Condenado a 13 anos de prisão pelo assassinato do empresário João Bosco Sobrinho, ocorrido em agosto de 2022, no edifício Tech Office, em São Luís, Gilbson apresentou uma nova versão para o crime e passou a relacioná-lo a uma suposta disputa envolvendo propinas de contratos públicos.

Os objetos podem ajudar a indicar caminhos para a investigação, mas ainda existe uma distância considerável entre aquilo que Gilbson afirma e o que os materiais, isoladamente, conseguem demonstrar.
Para que adquiram efetivo valor probatório, os itens precisam ter a autenticidade confirmada, a origem esclarecida e o conteúdo confrontado com registros bancários, imagens, dados telefônicos, documentos oficiais e testemunhos independentes.
Até o momento, a apresentação dos materiais não significa que a Polícia Federal tenha confirmado as acusações.
Etiqueta não comprova origem nem destino de dinheiro
Um dos itens apresentados por Gilbson seria a etiqueta que acompanhava um maço de dinheiro em espécie. O objeto, porém, não preserva o próprio dinheiro nem identifica automaticamente quem teria entregado ou recebido os valores.

Sem informações complementares, a etiqueta não comprova a quantia transportada, a data da suposta entrega, a origem dos recursos ou a identidade do destinatário. Tampouco demonstra que o dinheiro teria sido levado ao Palácio dos Leões ou repassado a alguma das autoridades citadas.
Para estabelecer essa conexão, seria necessário descobrir se a etiqueta pertence a alguma instituição financeira e se contém elementos capazes de apontar um saque específico. Registros de agência, conta bancária, data, lote, imagens de segurança e movimentações financeiras poderiam reforçar ou afastar a versão.
Também será necessário esclarecer quando e como Gilbson obteve o objeto e de que maneira ele foi guardado antes de chegar à PF. Sem uma origem documentada, qualquer pessoa poderia ter acesso a uma etiqueta semelhante, o que reduz seu valor como confirmação independente.
Cadeia de custódia precisa ser esclarecida
Outro aspecto fundamental é a cadeia de custódia dos materiais. O Código de Processo Penal estabelece procedimentos para registrar a trajetória de um vestígio desde sua identificação e coleta até o processamento, armazenamento e eventual descarte.
Esse controle serve para preservar a integridade do material e evitar alterações, substituições ou contaminações. No caso dos itens entregues pelo próprio autor das acusações, é necessário saber por quanto tempo permaneceram sob sua guarda, onde foram mantidos e quem teve acesso a eles.
A Polícia Federal poderá submeter os objetos a perícias, mas o resultado terá de ser analisado juntamente com as circunstâncias anteriores à entrega.
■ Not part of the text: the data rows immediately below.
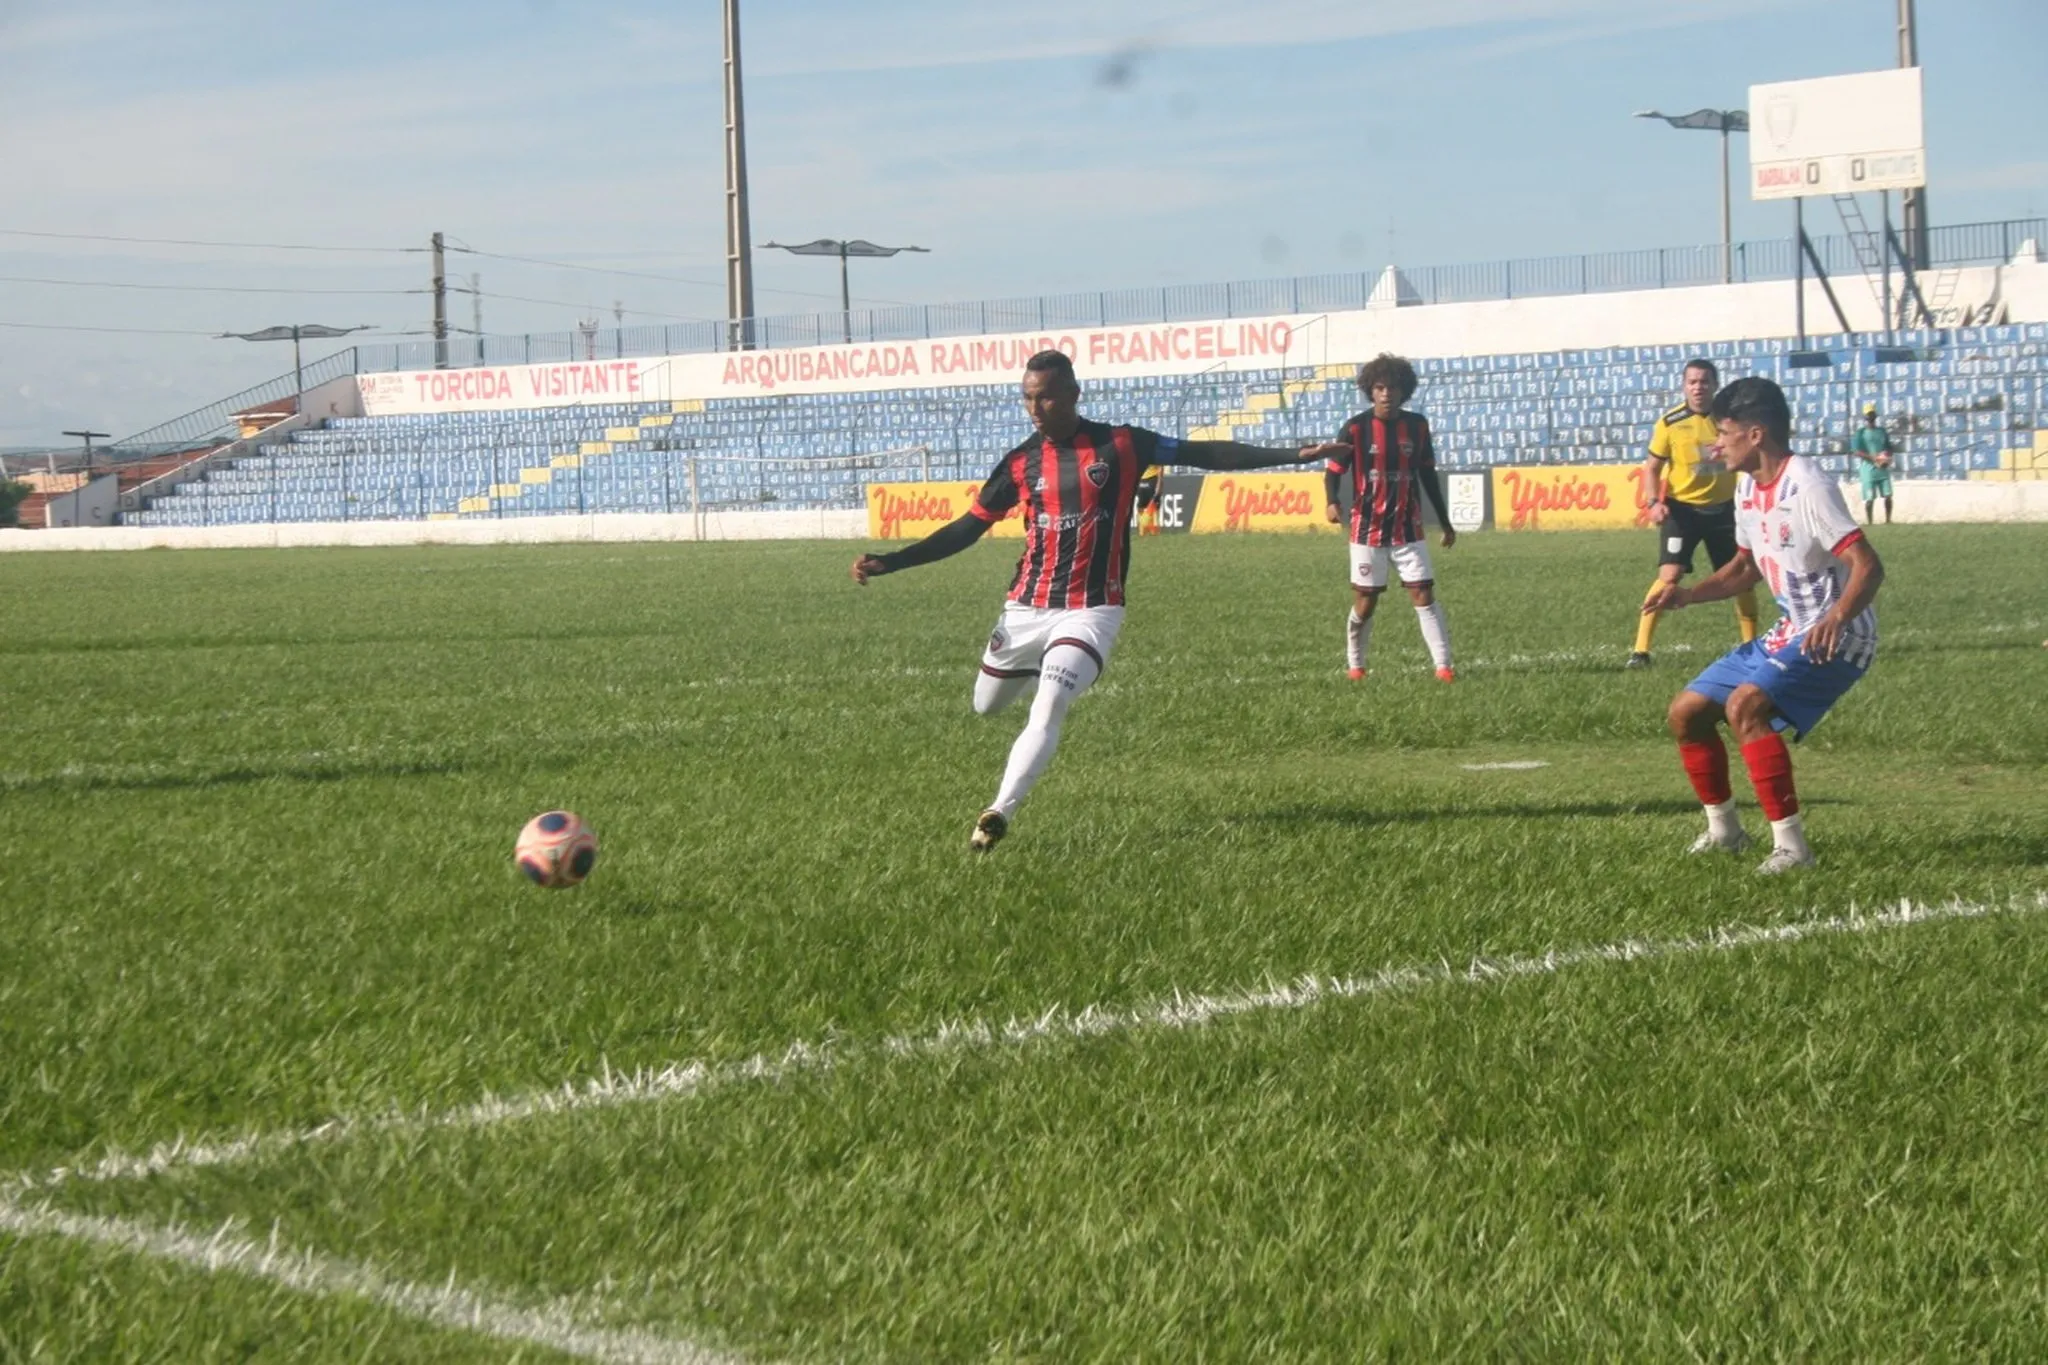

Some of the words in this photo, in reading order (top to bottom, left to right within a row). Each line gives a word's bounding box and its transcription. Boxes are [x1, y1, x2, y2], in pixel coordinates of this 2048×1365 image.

[1806, 162, 1820, 184] 0
[1851, 159, 1865, 181] 0
[722, 346, 919, 388] ARQUIBANCADA
[1089, 321, 1292, 365] FRANCELINO
[415, 369, 512, 403] TORCIDA
[529, 362, 640, 397] VISITANTE
[873, 487, 953, 539] Ypióca
[1220, 479, 1312, 532] Ypióca
[1503, 471, 1610, 530] Ypióca
Uma perícia pode confirmar a composição, a impressão digital ou a autoria de determinado material, mas não necessariamente comprova toda a história contada sobre ele.
Bilhete com processos não prova interferência
Gilbson também apresentou um bilhete escrito à mão com números de processos e uma orientação para que ele supostamente “corresse atrás” das demandas anotadas.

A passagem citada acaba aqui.